The transformers library by Hugging Face is the standard interface for loading and running pre-trained models. It abstracts away the differences between architectures — the same pipeline API works whether you're running a 70M-parameter classifier or a 70B-parameter instruct model.

Learning objectives

  • Run inference with pipeline() for common NLP tasks
  • Understand the tokenizer → model → decode workflow
  • Load models with quantization for memory-constrained hardware
  • Apply chat templates for instruction-tuned models

The pipeline API

pipeline() is the fastest path from model name to inference. It handles tokenization, inference, and decoding automatically.

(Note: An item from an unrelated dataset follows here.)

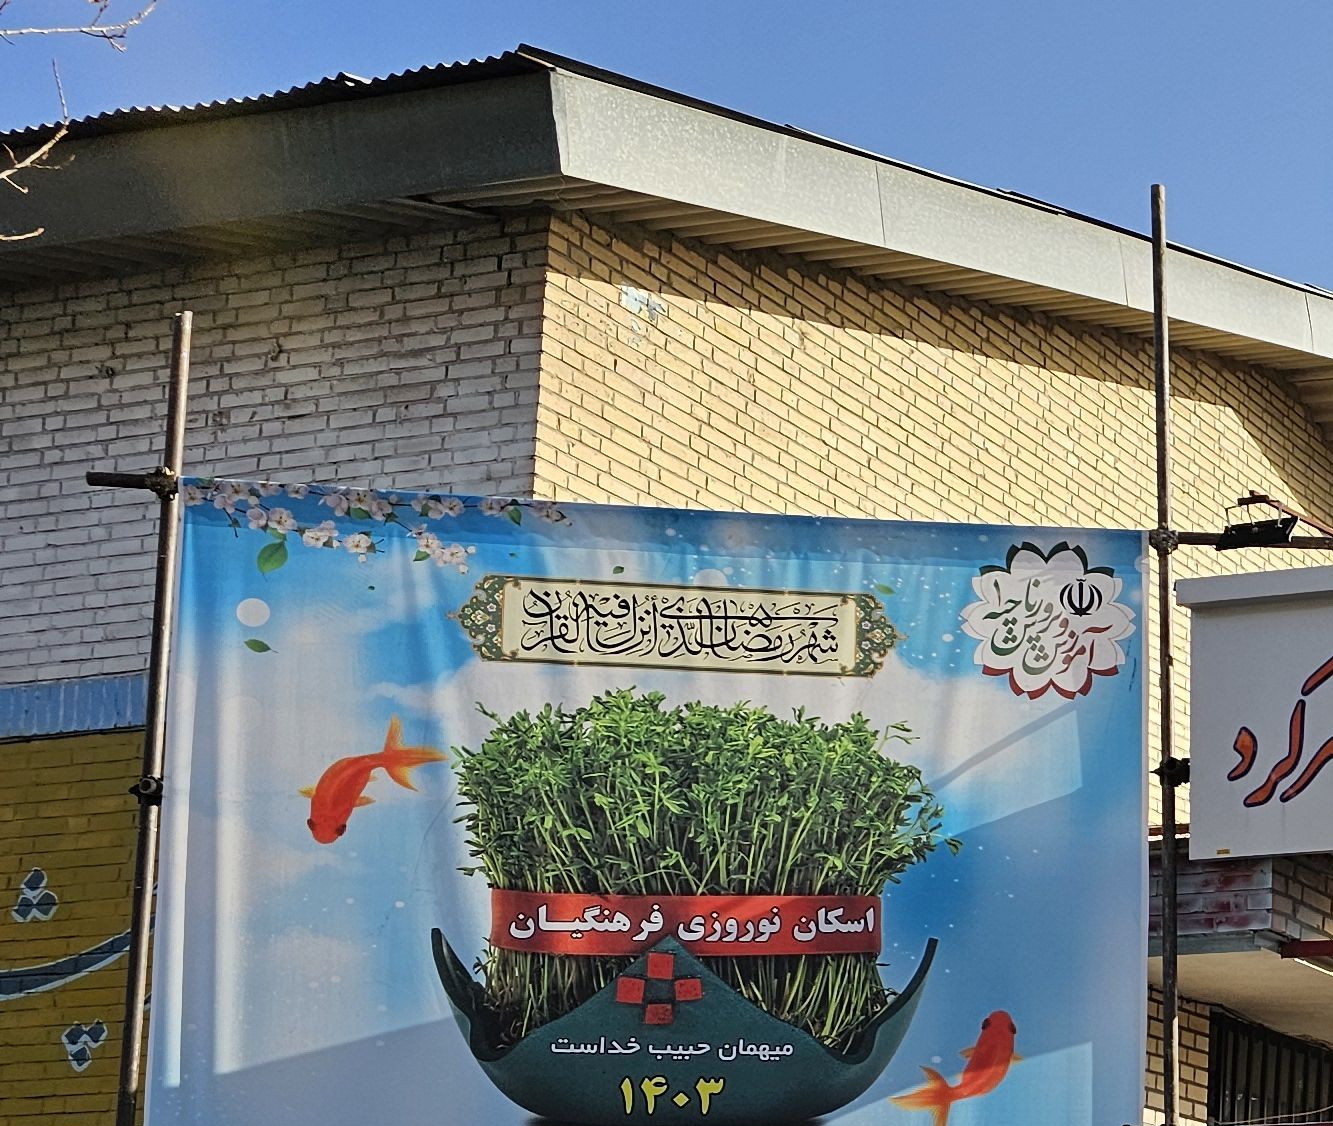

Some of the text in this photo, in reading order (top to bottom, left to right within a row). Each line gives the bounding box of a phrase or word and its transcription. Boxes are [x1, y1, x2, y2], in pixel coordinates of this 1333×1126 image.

from transformers import pipeline
import torch

# Sentiment analysis — zero setup
classifier = pipeline(
    "sentiment-analysis",
    model="distilbert-base-uncased-finetuned-sst-2-english",
    device=0 if torch.cuda.is_available() else -1
)

results = classifier([
    "This course is excellent — best investment I've made.",
    "The content is too dense and hard to follow.",
])

for text, result in zip(["positive", "negative"], results):
    print(f"Label: {result['label']}, Score: {result['score']:.3f}")
# Label: POSITIVE, Score: 0.999
# Label: NEGATIVE, Score: 0.994
# Named Entity Recognition
ner = pipeline(
    "ner",
    model="dslim/bert-base-NER",
    aggregation_strategy="simple",
    device=-1
)

text = "Sam Altman, CEO of OpenAI, spoke at the San Francisco conference."
entities = ner(text)
for ent in entities:
    print(f"[{ent['entity_group']:4}] {ent['word']:20} ({ent['score']:.2f})")
# [PER ] Sam Altman           (0.99)
# [ORG ] OpenAI               (0.99)
# [LOC ] San Francisco        (0.98)
# Text generation — instruct model
generator = pipeline(
    "text-generation",
    model="microsoft/Phi-3-mini-4k-instruct",  # 3.8B, fits on 6GB VRAM
    torch_dtype=torch.bfloat16,
    device_map="auto",  # auto-distributes across available GPUs/CPU
    trust_remote_code=True
)

output = generator(
    "Explain the difference between RAG and fine-tuning in one paragraph.",
    max_new_tokens=200,
    do_sample=False,
    temperature=1.0   # ignored when do_sample=False
)
print(output[0]["generated_text"])

Tokenizers

The tokenizer converts text to token IDs and back. Understanding it prevents subtle bugs.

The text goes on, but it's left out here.